About this task: Without including any images, reproduce each entry exactly.

Records from a collection:
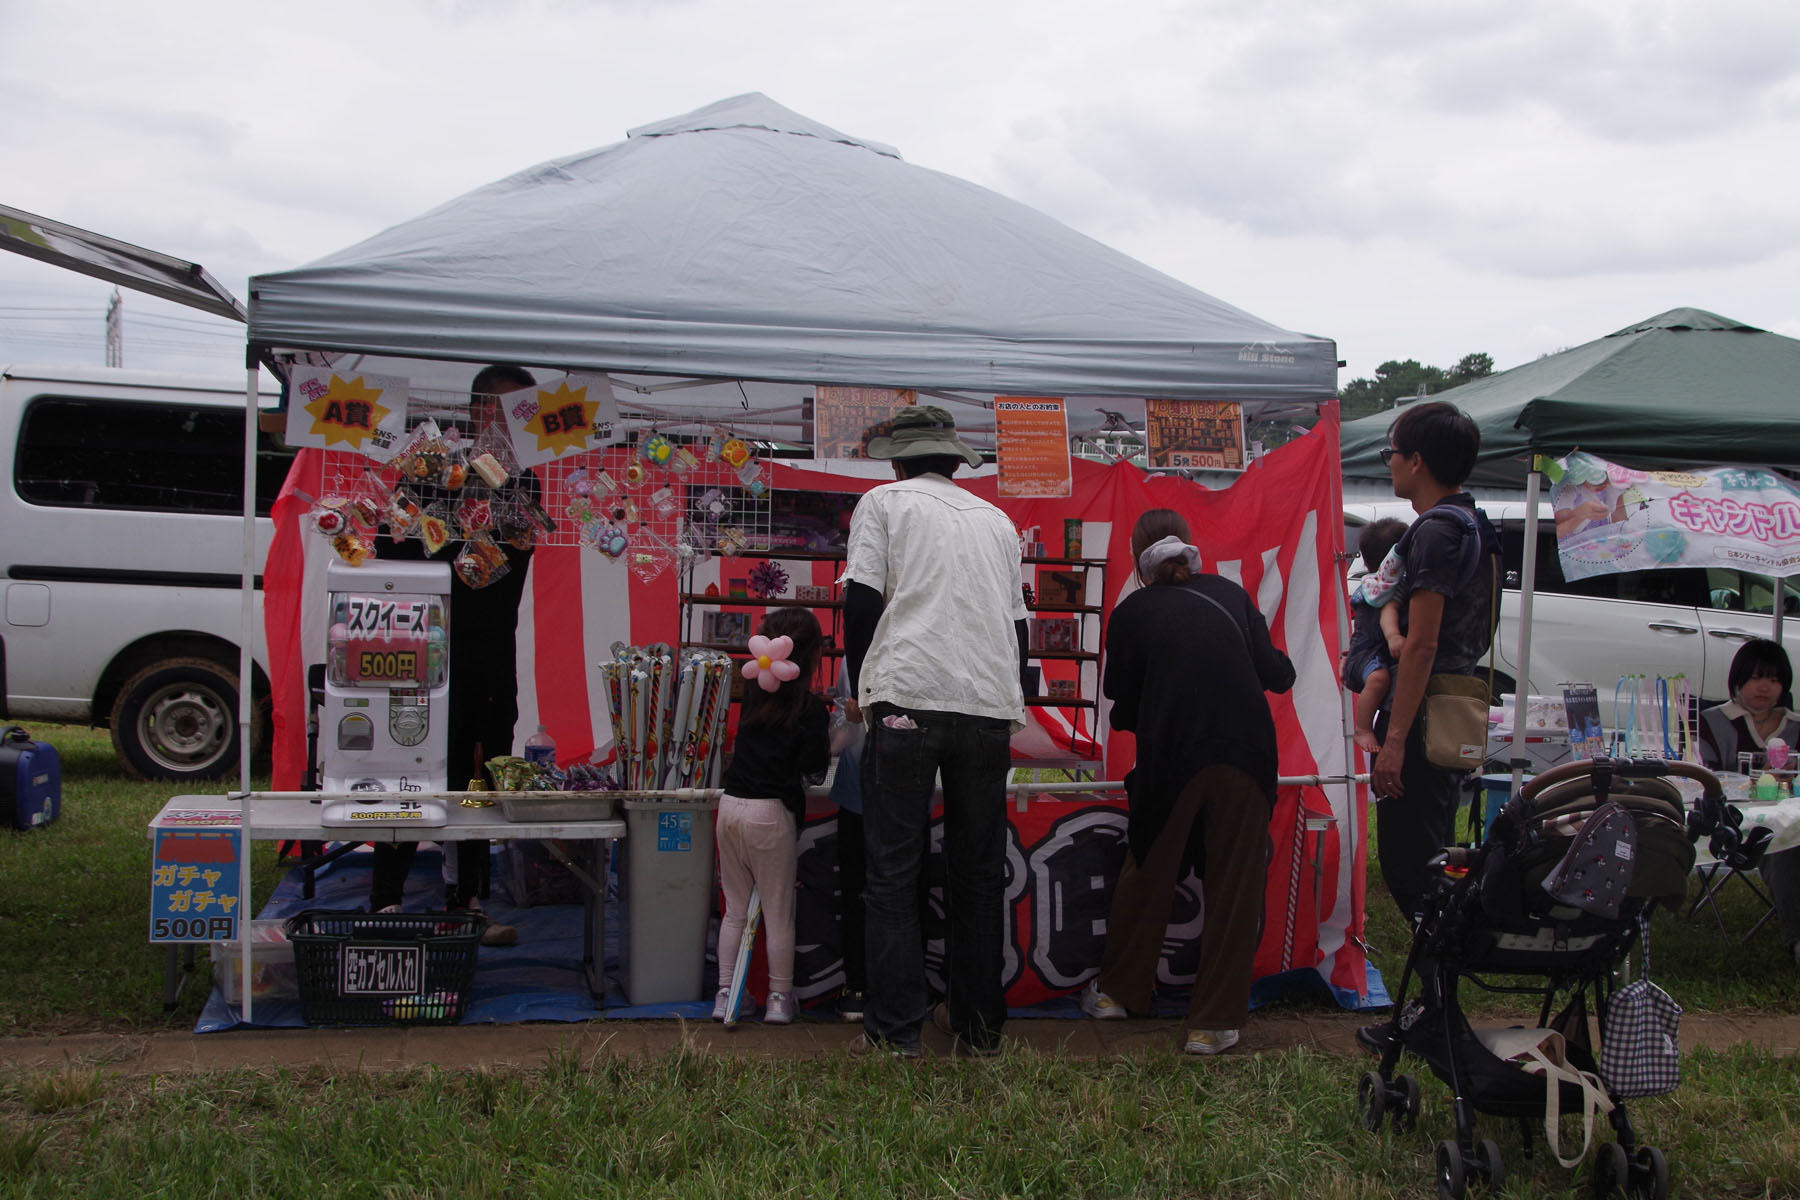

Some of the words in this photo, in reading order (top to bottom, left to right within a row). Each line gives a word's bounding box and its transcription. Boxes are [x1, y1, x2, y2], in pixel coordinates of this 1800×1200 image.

[323, 400, 372, 430] A賞
[542, 403, 587, 435] B賞
[349, 601, 427, 633] スクイーズ
[360, 651, 417, 679] 500円
[660, 815, 678, 828] 45
[154, 864, 222, 888] ガチャ
[168, 889, 238, 913] ガチャ
[154, 916, 233, 940] 500円
[348, 949, 415, 991] 空カプセル入れ
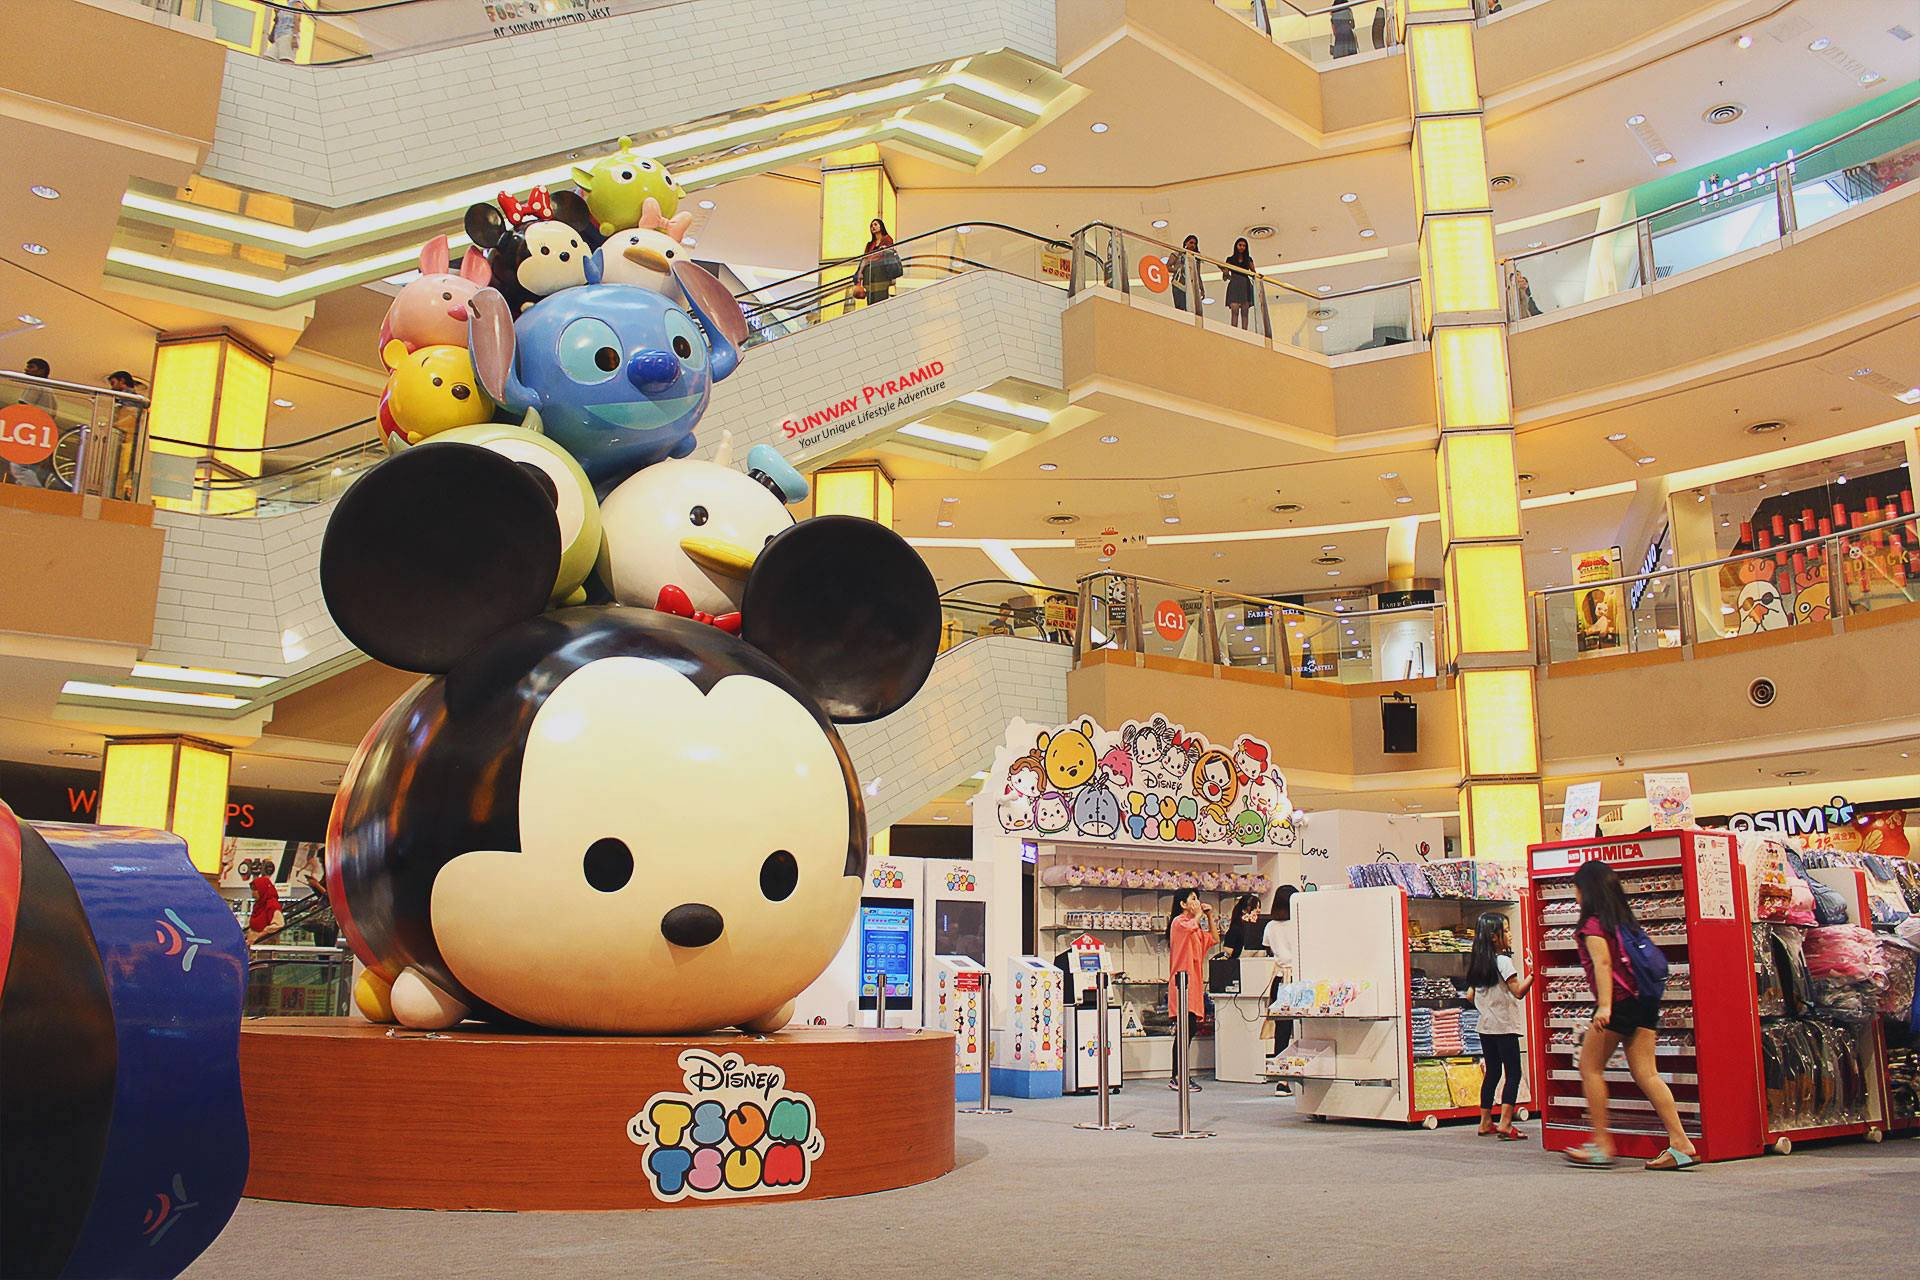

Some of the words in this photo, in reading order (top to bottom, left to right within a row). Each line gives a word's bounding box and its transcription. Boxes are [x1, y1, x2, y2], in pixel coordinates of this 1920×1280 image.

[493, 27, 505, 38] AT
[509, 19, 545, 34] SUNWAY
[546, 12, 586, 26] PYRAMID
[587, 7, 611, 20] WEST
[1147, 264, 1161, 284] G
[782, 395, 858, 438] SUNWAY
[862, 361, 944, 404] PYRAMID
[798, 434, 821, 449] Your
[822, 418, 857, 439] Unique
[857, 401, 896, 424] Lifestyle
[897, 380, 946, 406] Adventure
[0, 420, 51, 448] LG1
[1157, 610, 1184, 630] LG1
[1141, 769, 1183, 796] Disney
[1127, 790, 1199, 821] TSUM
[1128, 814, 1197, 842] TSUM
[1728, 807, 1827, 836] OSIM
[1581, 843, 1644, 862] TOMICA
[684, 1055, 780, 1101] Disney
[649, 1097, 811, 1148] TSUM
[648, 1142, 806, 1195] TSUM

Solution to this task:
Some of the words in this photo, in reading order (top to bottom, left to right within a row). Each line gives a word's bounding box and its transcription. Boxes are [x1, y1, x2, y2], in pixel coordinates of this 1800×1200 image.

[323, 400, 372, 430] A賞
[542, 403, 587, 435] B賞
[349, 601, 427, 633] スクイーズ
[360, 651, 417, 679] 500円
[660, 815, 678, 828] 45
[154, 864, 222, 888] ガチャ
[168, 889, 238, 913] ガチャ
[154, 916, 233, 940] 500円
[348, 949, 415, 991] 空カプセル入れ

Some of the words in this photo, in reading order (top to bottom, left to right within a row). Each line gives a word's bounding box and its transcription. Boxes are [x1, y1, x2, y2], in pixel coordinates of this 1920×1280 image.

[493, 27, 505, 38] AT
[509, 19, 545, 34] SUNWAY
[546, 12, 586, 26] PYRAMID
[587, 7, 611, 20] WEST
[1147, 264, 1161, 284] G
[782, 395, 858, 438] SUNWAY
[862, 361, 944, 404] PYRAMID
[798, 434, 821, 449] Your
[822, 418, 857, 439] Unique
[857, 401, 896, 424] Lifestyle
[897, 380, 946, 406] Adventure
[0, 420, 51, 448] LG1
[1157, 610, 1184, 630] LG1
[1141, 769, 1183, 796] Disney
[1127, 790, 1199, 821] TSUM
[1128, 814, 1197, 842] TSUM
[1728, 807, 1827, 836] OSIM
[1581, 843, 1644, 862] TOMICA
[684, 1055, 780, 1101] Disney
[649, 1097, 811, 1148] TSUM
[648, 1142, 806, 1195] TSUM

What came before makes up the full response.